My suspicion is that this pointwise statement of linearity is essentially equivalent to the global statement given by Stokes' theorem. To make the question precise requires a notion of "nonlinear differential form," which is provided by the notion of $k$-density, in the sense of Gelfand. For completeness I include the definition given in the link:

Definition: A $k$-density ("nonlinear* $k$-*form") on an $n$-manifold $M$ is a function assigning to each point $x \in M$ a function $\omega_x : S^k T_x M \to \mathbb{R}$ which is homogeneous (of degree 1). Here $S^k T_x M$ is the cone of simple (a.k.a. decomposable) elements of $\Lambda^k T_x M$.

A $k$-density can be pulled back to a $k$-submanifold $N \subset M$ and integrated once $N$ is given an orientation, in exactly the same way that a linear $k$-form is pulled back and integrated. The homogeneity condition ensures that this integration is independent of how $N$ is parameterized, and that the integral changes sign if the orientation of $N$ is reversed. I'm happy to discuss the fact that $\omega$ need only be defined on simple forms if it seems puzzling.

With these preliminaries, I can precisely state my question.

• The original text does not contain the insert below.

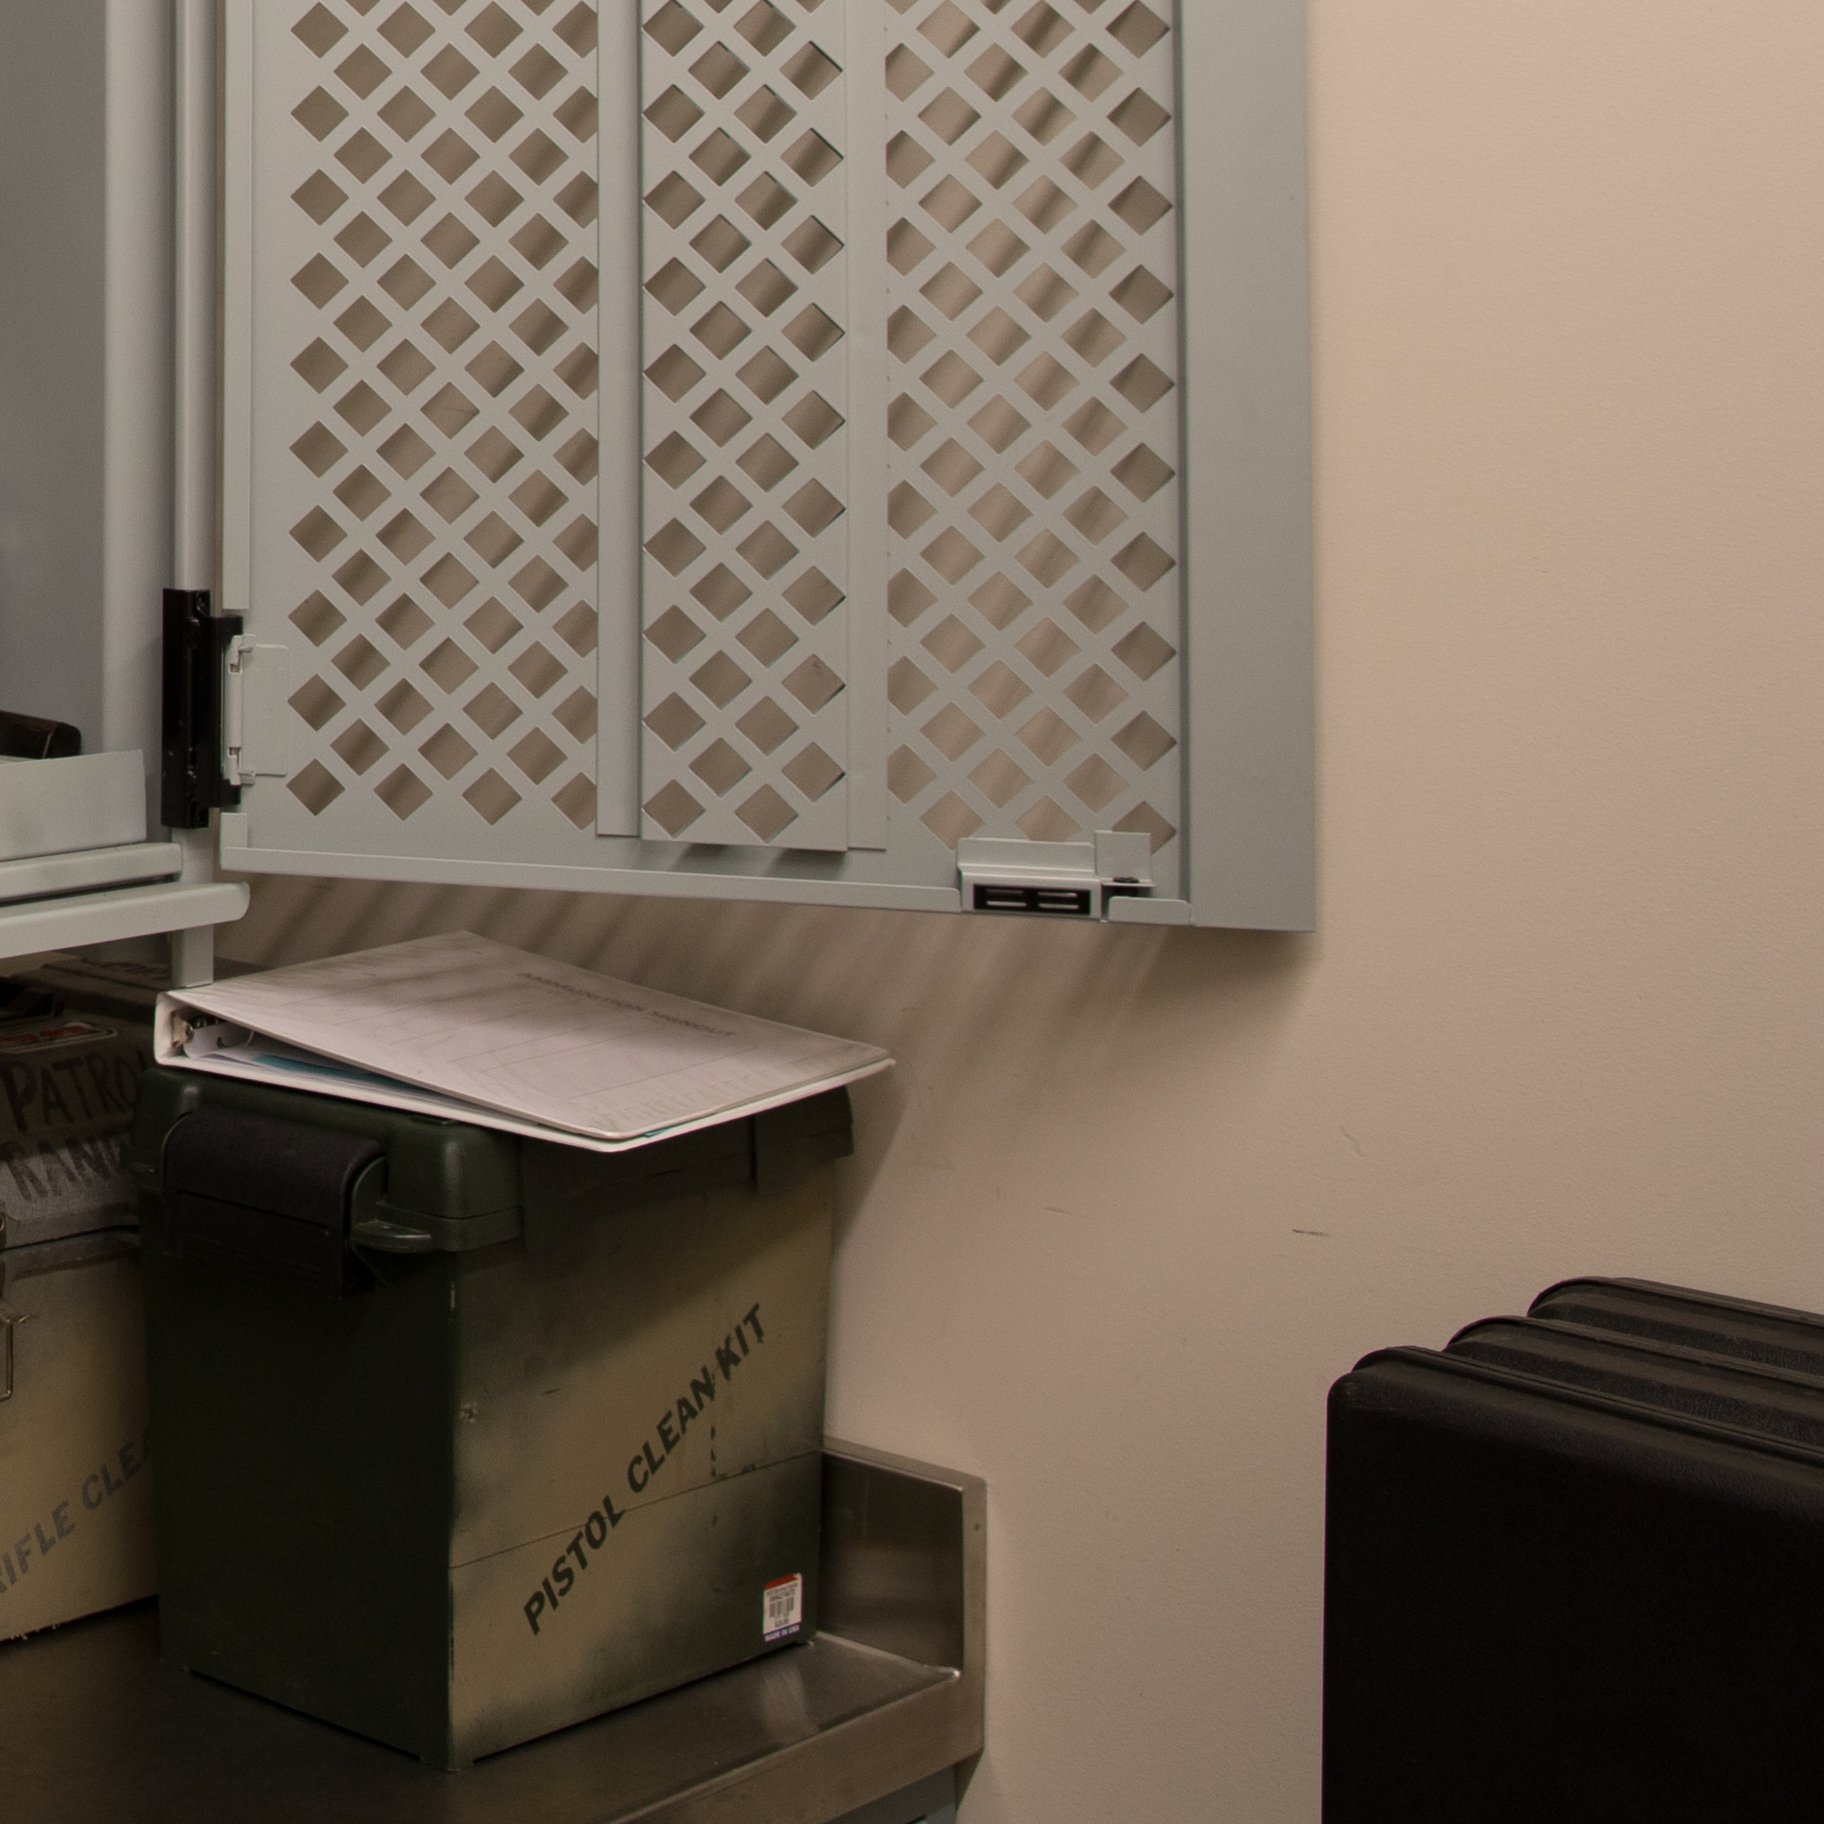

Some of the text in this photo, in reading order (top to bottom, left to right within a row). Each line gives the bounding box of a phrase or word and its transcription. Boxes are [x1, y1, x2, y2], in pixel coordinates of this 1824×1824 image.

Question: Let $\omega$ be a $k$-density on an $n$-manifold $M$. Suppose there exists a $k+1$-density $\eta$ such that for every compact oriented $k+1$-submanifold with boundary $N \subseteq M$, we have $\int_{\partial N} \omega = \int_N \eta$ (where $\partial N$ is given the induced orientation). Does it follow that $\omega$ is a differential $k$-form, i.e. that $\omega_x$ is linear at each point $x$? Does it follow that $\eta$ is linear?

I'm pretty sure that if $\omega$ is linear, then $\eta$ can only be $\mathrm{d} \omega$, and so is also linear.

Throughout here, I haven't mentioned smoothness assumptions: I assume everything is smooth. But if the answer depends on the degree of regularity, I would find that very interesting. Also, the notion of homogeneity used could be weakened to positive homogeneity. If this affects the answer, again I would find this very interesting.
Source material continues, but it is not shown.